Microsoft Copilot disclaimer in the terms of use
Microsoft’s terms of use for Copilot say the product is “for entertainment purposes only.” The language also warns that Copilot can make mistakes and may not work as intended. It further says users should not rely on Copilot for important advice and should use it at their own risk.
The wording drew attention while Microsoft has been focused on getting corporate customers to pay for Copilot. At the same time, the company has faced criticism on social media over the language in those terms.
Why the Copilot terms sparked attention
The issue centers on wording that appears to have last been updated on October 24, 2025. The language is blunt. It frames Copilot as something users should approach cautiously rather than trust fully.
That matters because the warning does not just say the product may be imperfect. It explicitly tells users not to rely on it for important advice. For many people, that kind of disclaimer stands out because Copilot is also being positioned as a paid product for business use.
Microsoft says the language is legacy wording
Microsoft plans to update the terms language
A Microsoft spokesperson said the company will be updating what was described as legacy language. According to that statement, the current wording no longer reflects how Copilot is used today.

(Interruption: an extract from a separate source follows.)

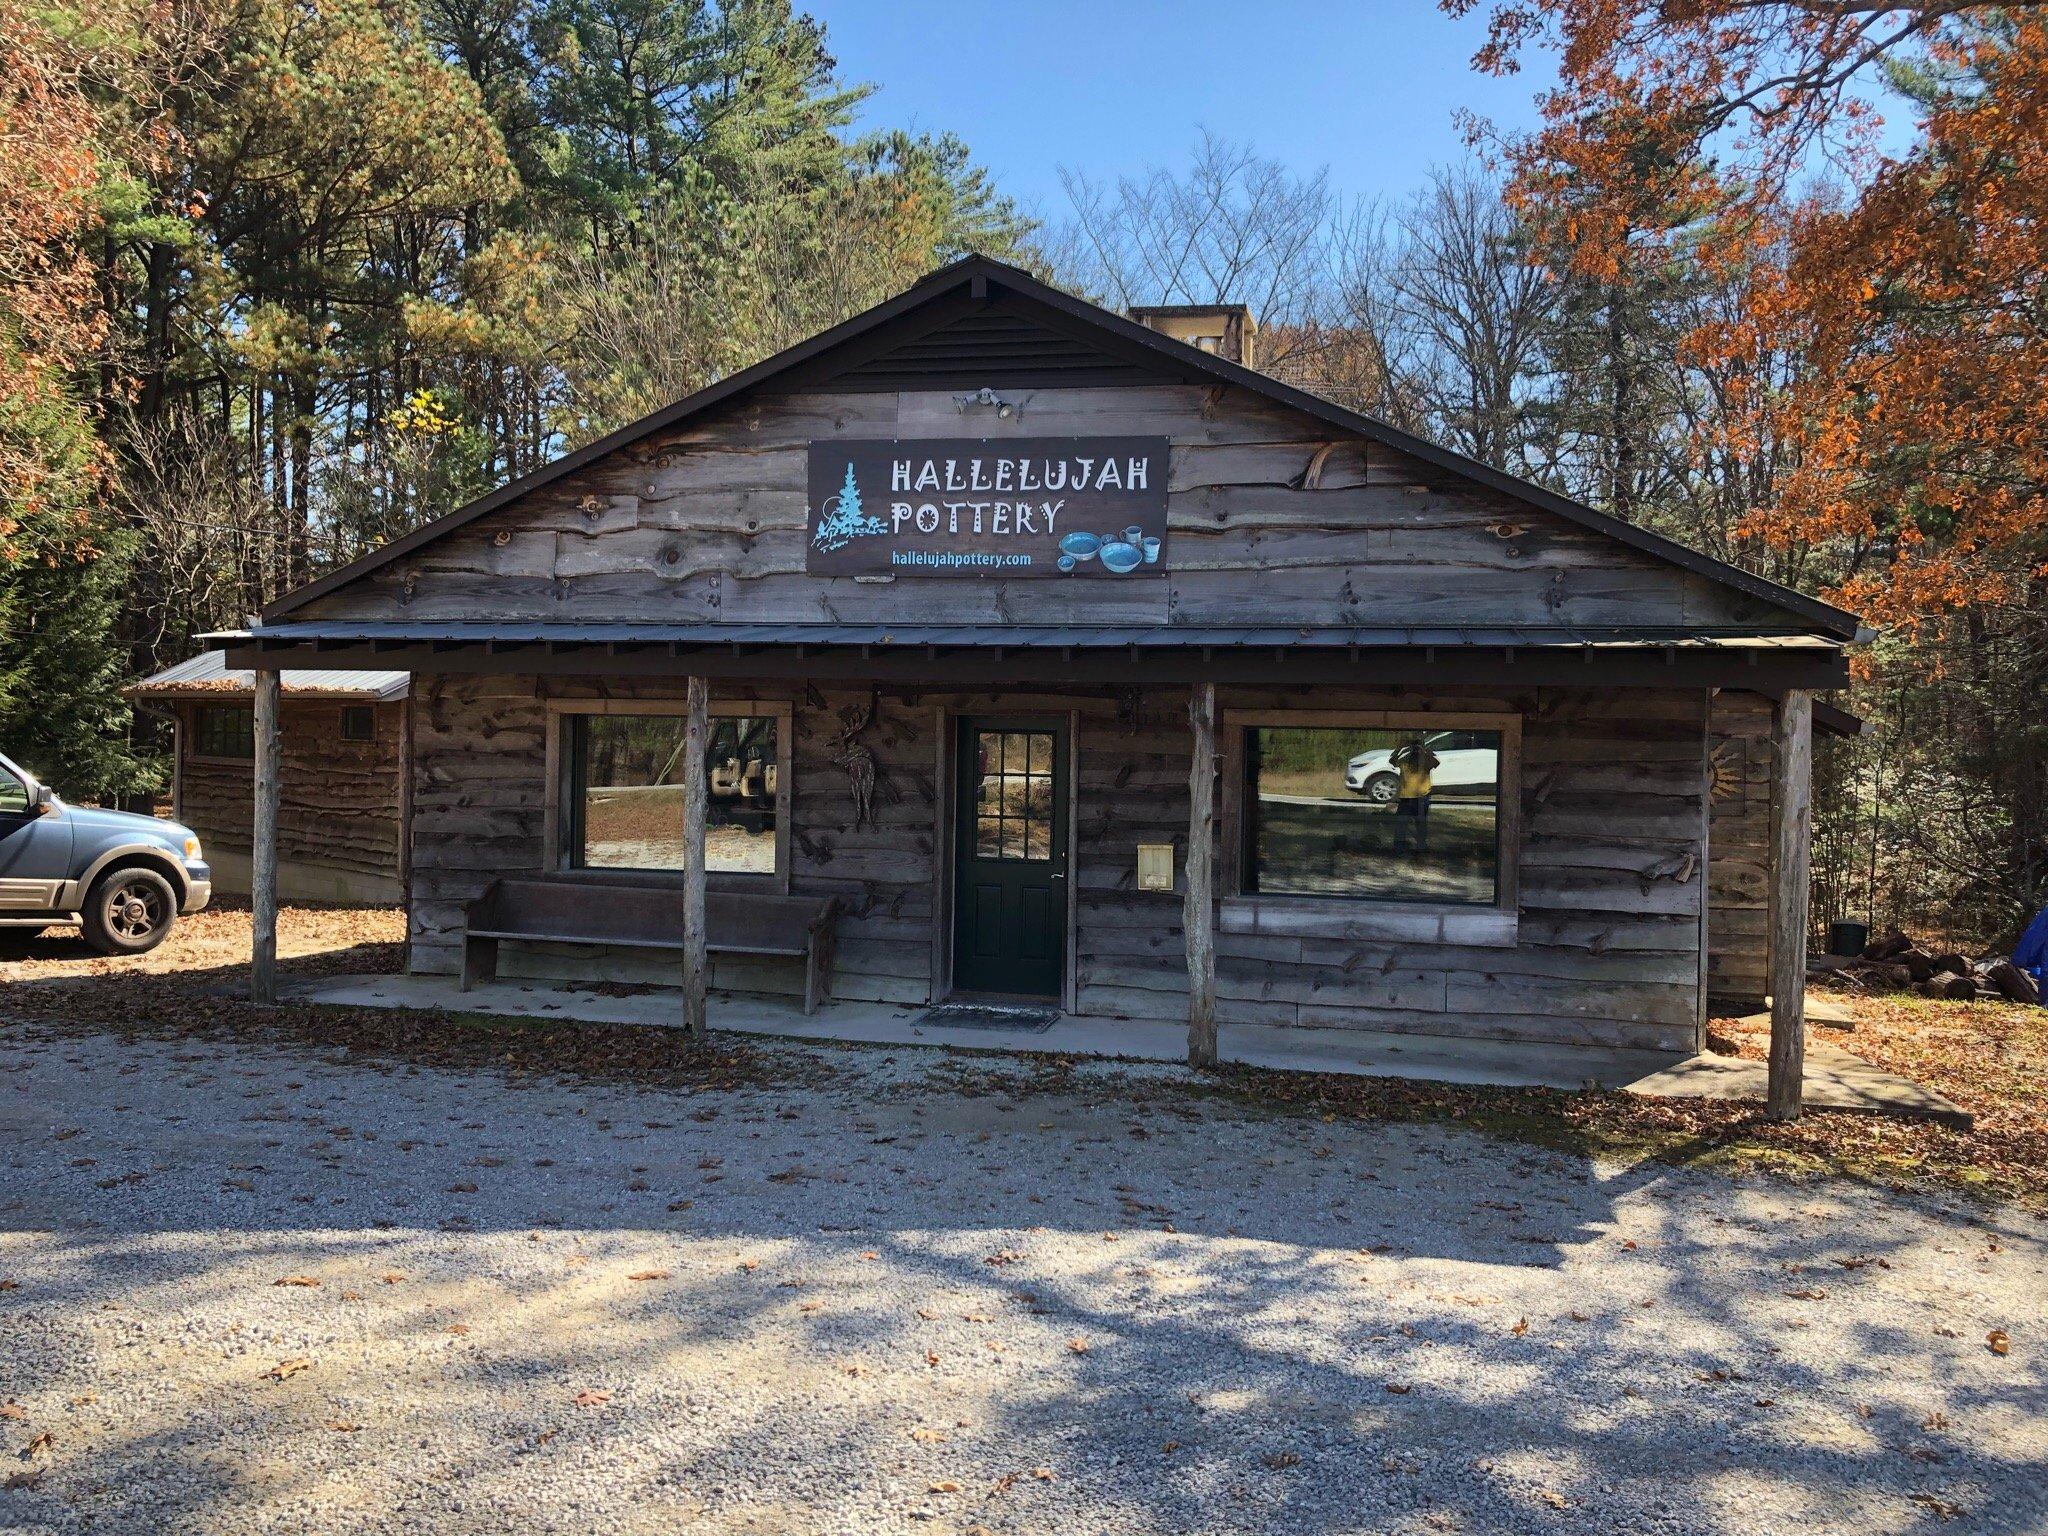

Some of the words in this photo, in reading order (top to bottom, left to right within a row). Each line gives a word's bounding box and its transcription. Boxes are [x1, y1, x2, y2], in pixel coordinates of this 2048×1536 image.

[891, 457, 1148, 492] HALLELUJAH
[891, 500, 1065, 534] POTTERY
[892, 551, 1031, 569] hallelujahpottery.com

The spokesperson said the language will be changed in the next update. That suggests Microsoft sees a gap between older legal wording and the current role the product plays.
What Microsoft’s response means
Microsoft’s response does not deny that the disclaimer appeared in the terms. Instead, it says the language is outdated. In other words, the company is signaling that the warning should not be treated as a full reflection of its present view of how Copilot fits into real-world use.
Still, until updated language appears, the current wording remains notable because it is unusually direct and because it has been circulating publicly.
AI companies regularly warn users not to fully trust model output
Microsoft is not alone in using cautionary language around AI output. Other AI companies use similar warnings in their own terms and guidance.
Tom’s Hardware noted that both OpenAI and xAI also caution users against treating AI output as truth. xAI warns users not to rely on output “as the truth,” while OpenAI warns against using it as a sole source of truth or factual information.
That broader pattern shows a common position across AI companies: model output can be useful, but it should not be accepted uncritically.
What the Copilot disclaimer actually says
The warning in Microsoft’s terms includes four clear points:
- Copilot is for entertainment purposes only
- It can make mistakes
- It may not work as intended
- Users should not rely on it for important advice
Taken together, the message is straightforward. Copilot output comes with limits, and users are being told to treat those limits seriously.
Copilot, trust, and practical caution
The language around Copilot reflects a wider tension in AI. Companies want adoption, including paid adoption, but they also want to limit the risk that users treat AI responses as fully dependable.
That is why these disclaimers matter. They show that even the companies building and selling AI tools still warn users not to trust outputs blindly. And in Copilot’s case, the wording became especially noticeable because of how sharply it was phrased.